Unless you're a stripper, you'll be fine. There was a woman parading around JBR Walk wearing a men's shirt and a black thong and nothing else, all that happened to her is that she made a lot of men happy


----------



## Andy Capp (Oct 5, 2008)

And watch who you talk/meet up with....


----------



## UKTanya (Jun 7, 2009)

Gavtek said:


> Friday Brunch
> Desert Safari
> Dubai Mall Fountain Show
> Dinner at the Madinat
> ...


Hi Gavtek,

That's the weekend sorted then, thanks for that!

As for my attire, I'll bear the flashing in mind!! ;-)


----------



## UKTanya (Jun 7, 2009)

Andy Capp said:


> And watch who you talk/meet up with....


My Grandma always told me never to talk to strangers, Andy.

I haven't done too badly so far following that rule...


----------



## Gavtek (Aug 23, 2009)

UKTanya said:


> Hi Gavtek,
> 
> That's the weekend sorted then, thanks for that!
> 
> As for my attire, I'll bear the flashing in mind!! ;-)


Give us plenty of warning if you're going to dabble


----------



## UKTanya (Jun 7, 2009)

Gavtek said:


> Give us plenty of warning if you're going to dabble


LOL!

I'll be sure to put a post on here especially for you!


----------



## Andy Capp (Oct 5, 2008)

So not so much Debbie does Dallas, more Tanya does Dubai - guys, be afraid, be very afraid!


----------



## UKTanya (Jun 7, 2009)

Andy Capp said:


> So not so much Debbie does Dallas, more Tanya does Dubai - guys, be afraid, be very afraid!


Ooh, the cheek.

You haven't even met me yet!


----------



## Andy Capp (Oct 5, 2008)

UKTanya said:


> Ooh, the cheek.
> 
> You haven't even met me yet!


What's this with "Yet"?

:behindsofa: Scary thought!


----------



## Dannysigma (Feb 22, 2009)

Also you might want to go up the Burj Khalifa - currently still closed but worth checking the website a couple of weeks before you come.
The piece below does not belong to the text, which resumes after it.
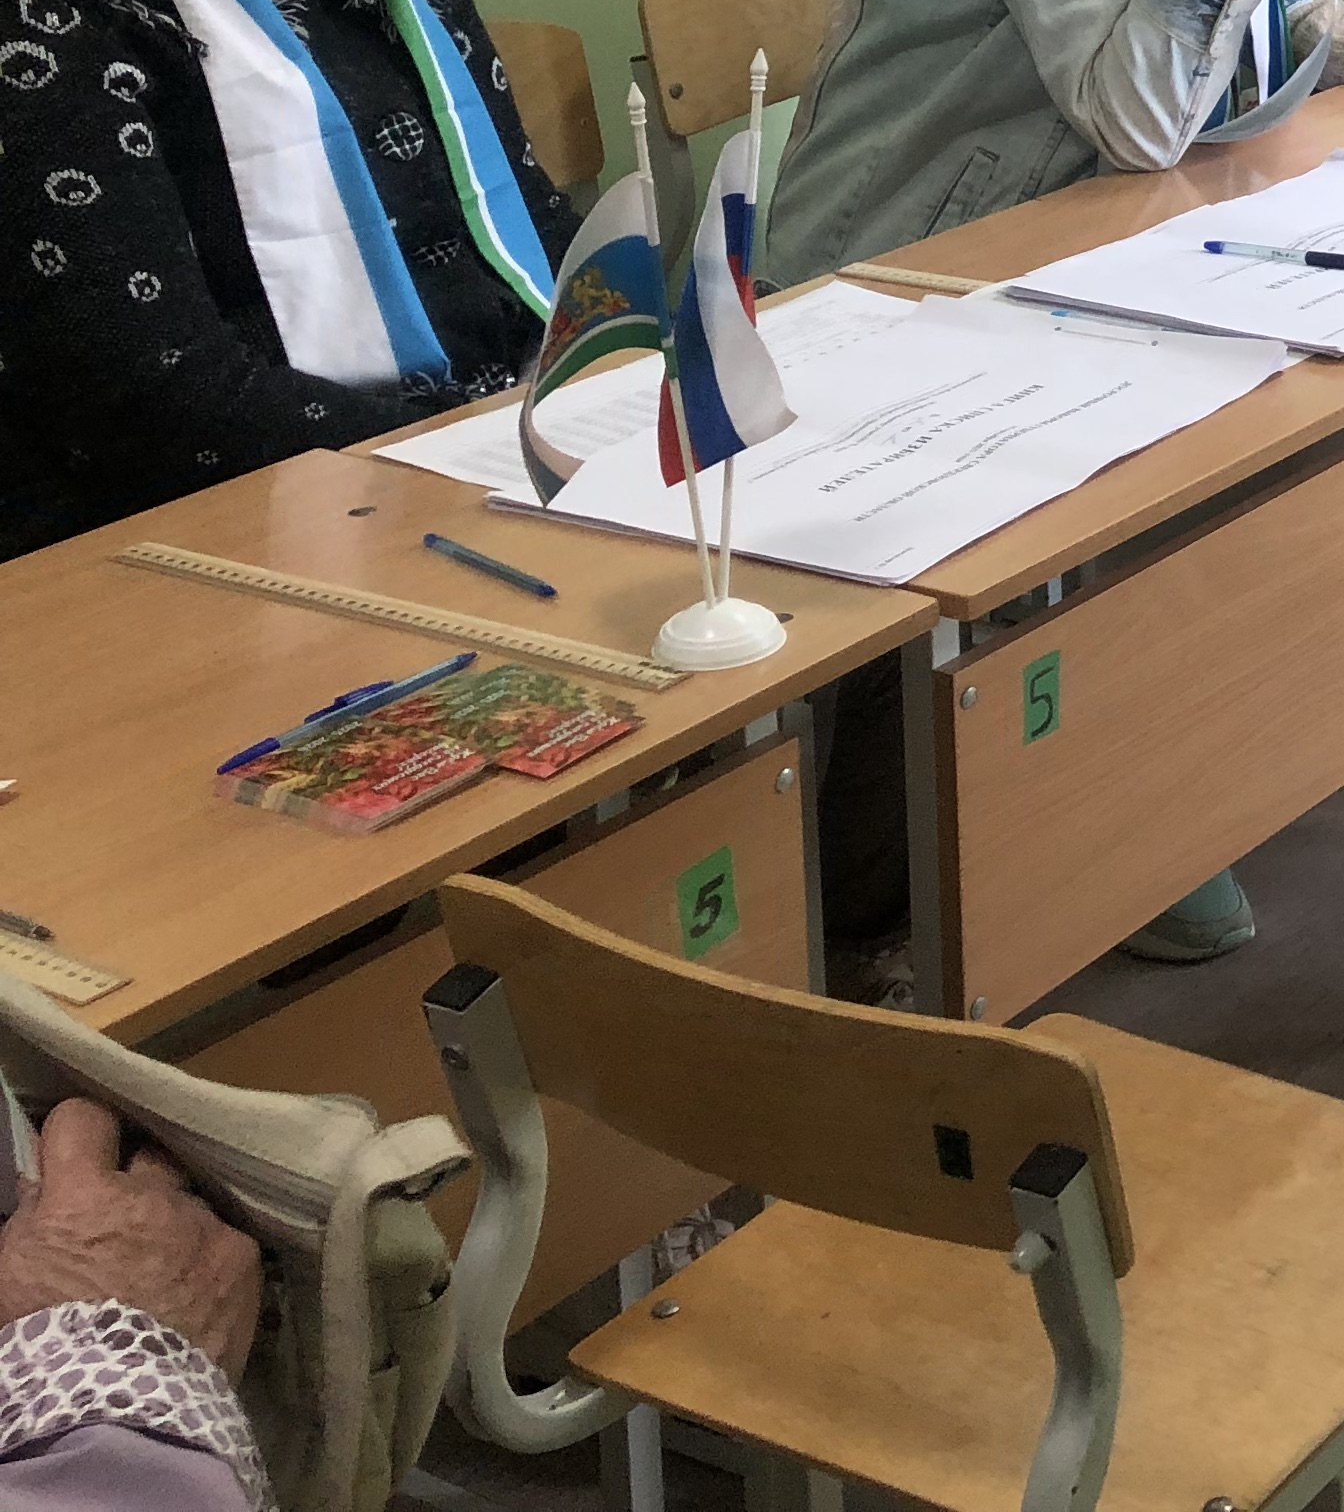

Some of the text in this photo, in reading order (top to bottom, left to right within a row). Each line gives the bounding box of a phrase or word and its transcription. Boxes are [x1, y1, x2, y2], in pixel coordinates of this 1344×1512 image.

[818, 436, 933, 492] ИЗБИРАТЕЛЕЙ
[1026, 666, 1056, 738] 5
[688, 876, 728, 940] 5
It costs 100AED per person if booked in advance, 400AED if you just turn up so it's worth booking! Tends to get booked up well ahead of time on weekends, so keep an eye on the website.
Buy Burj Khalifa Observation Deck Tickets to 'At The Top'


----------



## Jynxgirl (Nov 27, 2009)

Thanks Danny.. I bookmarked that. Hopefully... you just save 'me' 300 aed (or someone 600 aed  LOL )


----------



## Asma_dxb (Mar 24, 2010)

You MUST watch the fountain show it's just fabulous.
Also, if you're interested you could go up Burj Khalifa and do the 360 degree view from the top thing.
The beach is just lovely, make sure you have your sunscreen on tho.
Indoor skiing at emirates mall.
Atlantis aquaventure.
Shopping (aaah where do i begin)

It really depends on what kind of things you're looking for


----------



## Jynxgirl (Nov 27, 2009)

I still have not went to see the fountain  I would like to go sit and watch for a few hours and have a night of talking. I love the fountain in Vegas in front of the Bellagio.


----------



## xdude (Dec 8, 2008)

also keep in mind what you must not do in those 3.5 days..
don't be drunk in public place
don't hold hands in public place
dont kiss (not even a peck) in public

enjoy!


----------



## SBP (Jan 4, 2010)

xdude said:


> also keep in mind what you must not do in those 3.5 days..
> don't be drunk in public place
> don't hold hands in public place
> dont kiss (not even a peck) in public
> ...


Thought holding hands and cheek kisses were fine? Isn't it just the obvious snogging that is banned, as most middle east countries greet with cheek kisses?


----------



## Elphaba (Jan 24, 2008)

Holding hands is fine, as is greeting someone with a peck on the cheek.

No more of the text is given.